Aldren hadn't seen any guns on Kaizer's scrap machine, which meant they'd been as cleverly hidden as the rest of the beast's attributes, because no sooner had Kaizer torn through the door than Ugly, as Aldren determined to dub the creation, let loose on the Xangese machines outside with booming artillery.
Aldren's ears were already ringing from the earlier gunfire. This barrage nearly deafened him, and made Ugly buck backward at least a foot as its guns sprayed the enemy with assorted shards of metal. Soldiers fell with nails, ball bearings, saw blades, and other junk sticking out of them, and Xangese Warsuits spun blindly, their sights obliterated.
Kaizer didn't stop to admire his handiwork. Ugly roared louder and pushed its way outside, its rough hull scraping against the hot, jagged edges of the freshly torn door.
Gunshots pinged off Ugly near Aldren. He looked down his rifle, searching for a target. Now or never, Al.
A rifle-toting soldier Aldren was aiming for fell, but not from Aldren's gun.
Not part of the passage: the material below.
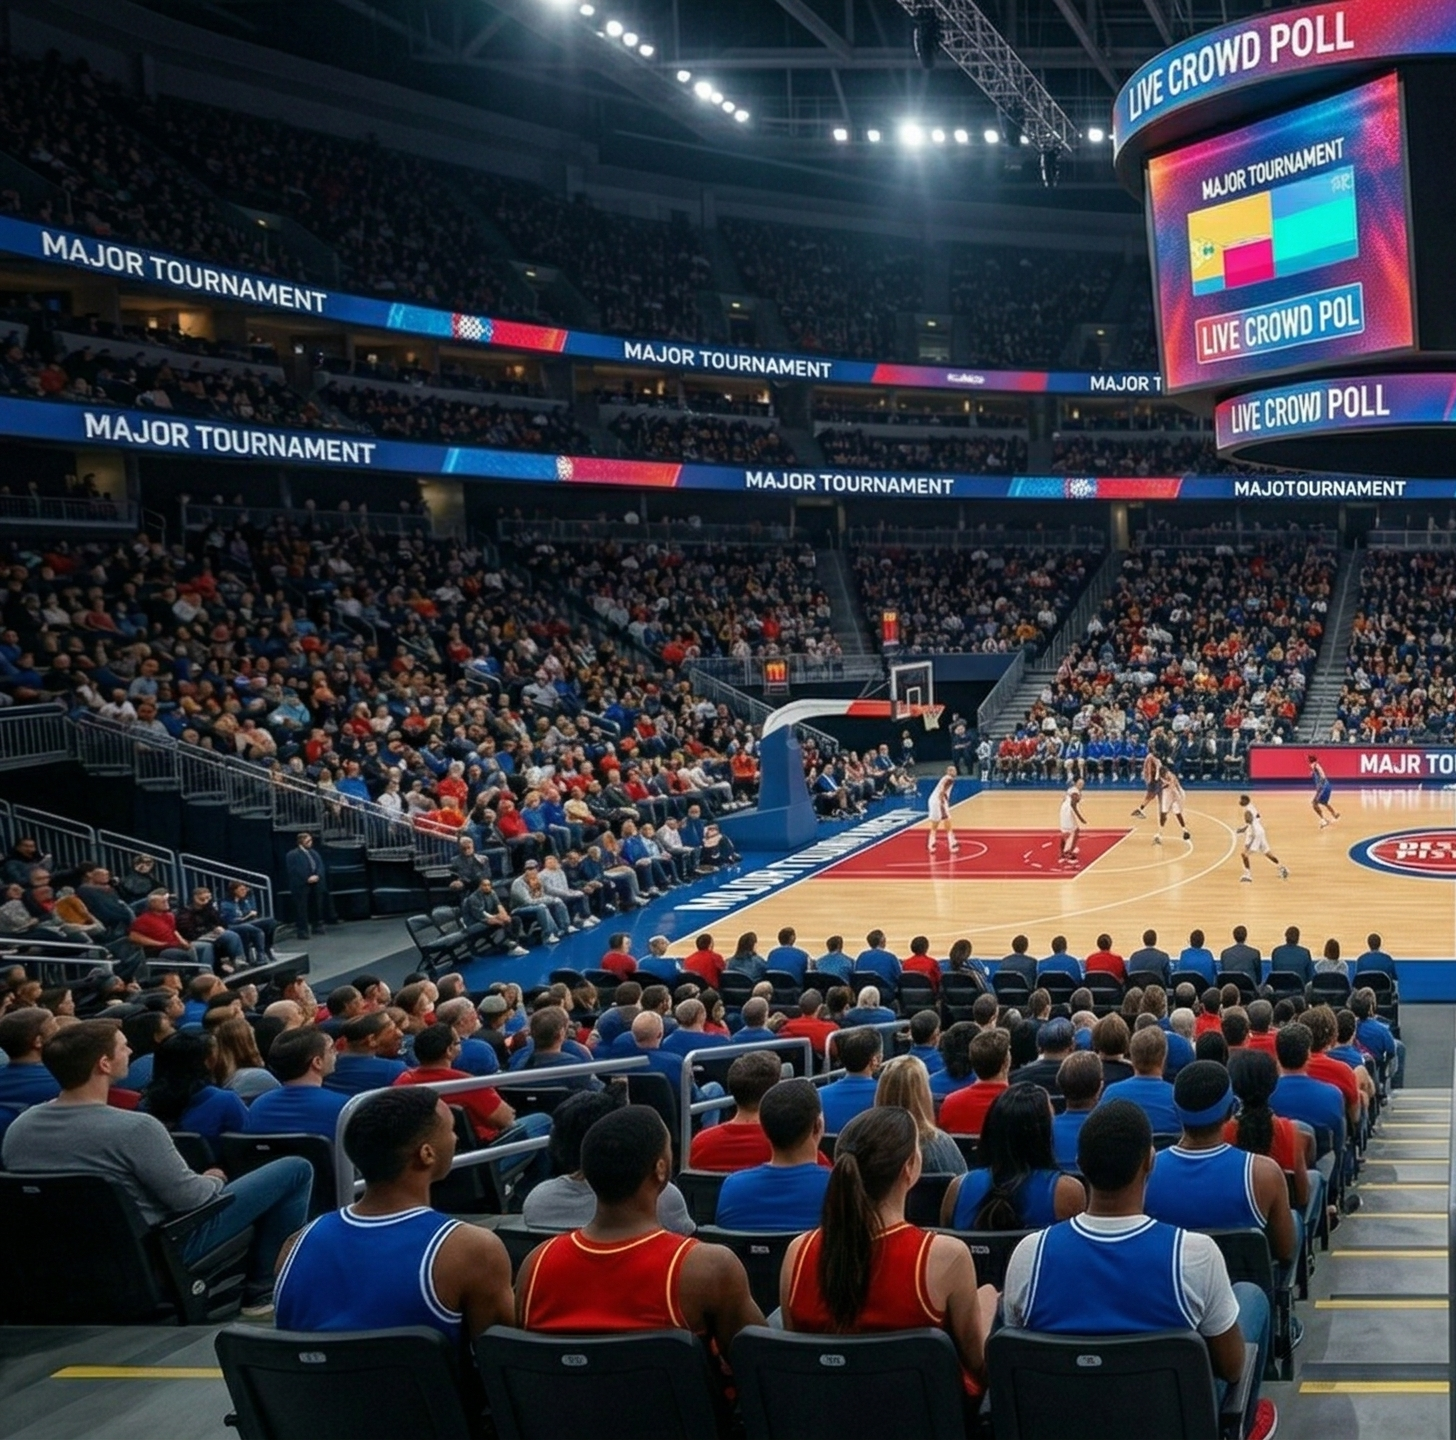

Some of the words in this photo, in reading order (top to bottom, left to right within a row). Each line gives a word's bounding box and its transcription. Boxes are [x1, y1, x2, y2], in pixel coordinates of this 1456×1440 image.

Mayla seemed determined to compensate for her injured state. She fired her rifle in rapid, consecutive bursts, bringing down clusters of enemies, even striking one right out of the open cockpit of an old-fashioned Xangese landship.
A call blared out over a set of loudspeakers on a wooden post. While Ugly veered down the road, fresh assailants lowered their guns.
"Wonder how long that'll last," Aldren called. A dead master mechanic was no doubt preferable to one in enemy hands, from the Xangese perspective.
Kaizer rolled Ugly straight through a hasty barricade two blocks down the road. Aldren found himself kicking Xangese soldiers in their faces as they attempted to leap and climb up Ugly to grab him. The last one he managed to dislodge hit the side of a building with a wet crunch as Ugly made a sharp right turn. Aldren winced.
The harbor was fast approaching, the streets Ugly traversed darkening in the shadow of the impossibly sized monster Clint Kaizer had been forced to design. Just getting past that slab of weaponized machinery would take two or three blocks, let alone finding a boat they could hijack. Plenty of time for the enemy to figure out a way to
stop them without killing their pet mechanic. Or for them to decide they didn't care about the non-lethal approach.
Mayla was relentless with her rifle, forcing groups of soldiers to duck for cover when she wasn't killing them outright.
She went through three magazines before reaching into her rucksack to find herself out of ammunition. Mayla hurled the empty gun at a soldier's head, knocking him down.